+++ RECORDS SUPPLIED
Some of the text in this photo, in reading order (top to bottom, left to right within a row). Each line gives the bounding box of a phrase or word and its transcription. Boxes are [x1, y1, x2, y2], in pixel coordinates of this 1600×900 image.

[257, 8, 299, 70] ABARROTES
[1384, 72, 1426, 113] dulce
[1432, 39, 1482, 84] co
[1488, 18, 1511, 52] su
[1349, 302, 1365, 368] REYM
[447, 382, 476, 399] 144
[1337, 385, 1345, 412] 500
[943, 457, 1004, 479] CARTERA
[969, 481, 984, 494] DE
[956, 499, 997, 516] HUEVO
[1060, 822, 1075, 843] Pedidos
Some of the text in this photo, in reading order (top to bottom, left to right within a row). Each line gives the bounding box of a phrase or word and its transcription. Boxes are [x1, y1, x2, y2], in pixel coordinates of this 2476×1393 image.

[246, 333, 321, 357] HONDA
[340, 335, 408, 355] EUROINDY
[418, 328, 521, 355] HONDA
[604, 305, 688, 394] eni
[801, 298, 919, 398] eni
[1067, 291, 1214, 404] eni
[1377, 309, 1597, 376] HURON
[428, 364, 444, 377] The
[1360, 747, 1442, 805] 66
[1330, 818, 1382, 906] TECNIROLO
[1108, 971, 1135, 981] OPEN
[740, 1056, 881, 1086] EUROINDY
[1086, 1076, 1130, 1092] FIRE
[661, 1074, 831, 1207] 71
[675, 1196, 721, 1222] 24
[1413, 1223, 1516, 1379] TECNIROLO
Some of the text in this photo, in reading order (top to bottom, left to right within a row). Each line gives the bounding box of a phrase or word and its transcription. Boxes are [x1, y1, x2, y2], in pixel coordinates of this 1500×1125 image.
++++++
TASK DETAILS. Would you please repeat all the entries exactly as written?

RESPONSE AREA.
Some of the text in this photo, in reading order (top to bottom, left to right within a row). Each line gives the bounding box of a phrase or word and its transcription. Boxes are [x1, y1, x2, y2], in pixel coordinates of this 1600×900 image.

[257, 8, 299, 70] ABARROTES
[1384, 72, 1426, 113] dulce
[1432, 39, 1482, 84] co
[1488, 18, 1511, 52] su
[1349, 302, 1365, 368] REYM
[447, 382, 476, 399] 144
[1337, 385, 1345, 412] 500
[943, 457, 1004, 479] CARTERA
[969, 481, 984, 494] DE
[956, 499, 997, 516] HUEVO
[1060, 822, 1075, 843] Pedidos
Some of the text in this photo, in reading order (top to bottom, left to right within a row). Each line gives the bounding box of a phrase or word and its transcription. Boxes are [x1, y1, x2, y2], in pixel coordinates of this 2476×1393 image.

[246, 333, 321, 357] HONDA
[340, 335, 408, 355] EUROINDY
[418, 328, 521, 355] HONDA
[604, 305, 688, 394] eni
[801, 298, 919, 398] eni
[1067, 291, 1214, 404] eni
[1377, 309, 1597, 376] HURON
[428, 364, 444, 377] The
[1360, 747, 1442, 805] 66
[1330, 818, 1382, 906] TECNIROLO
[1108, 971, 1135, 981] OPEN
[740, 1056, 881, 1086] EUROINDY
[1086, 1076, 1130, 1092] FIRE
[661, 1074, 831, 1207] 71
[675, 1196, 721, 1222] 24
[1413, 1223, 1516, 1379] TECNIROLO
Some of the text in this photo, in reading order (top to bottom, left to right within a row). Each line gives the bounding box of a phrase or word and its transcription. Boxes are [x1, y1, x2, y2], in pixel coordinates of this 1500×1125 image.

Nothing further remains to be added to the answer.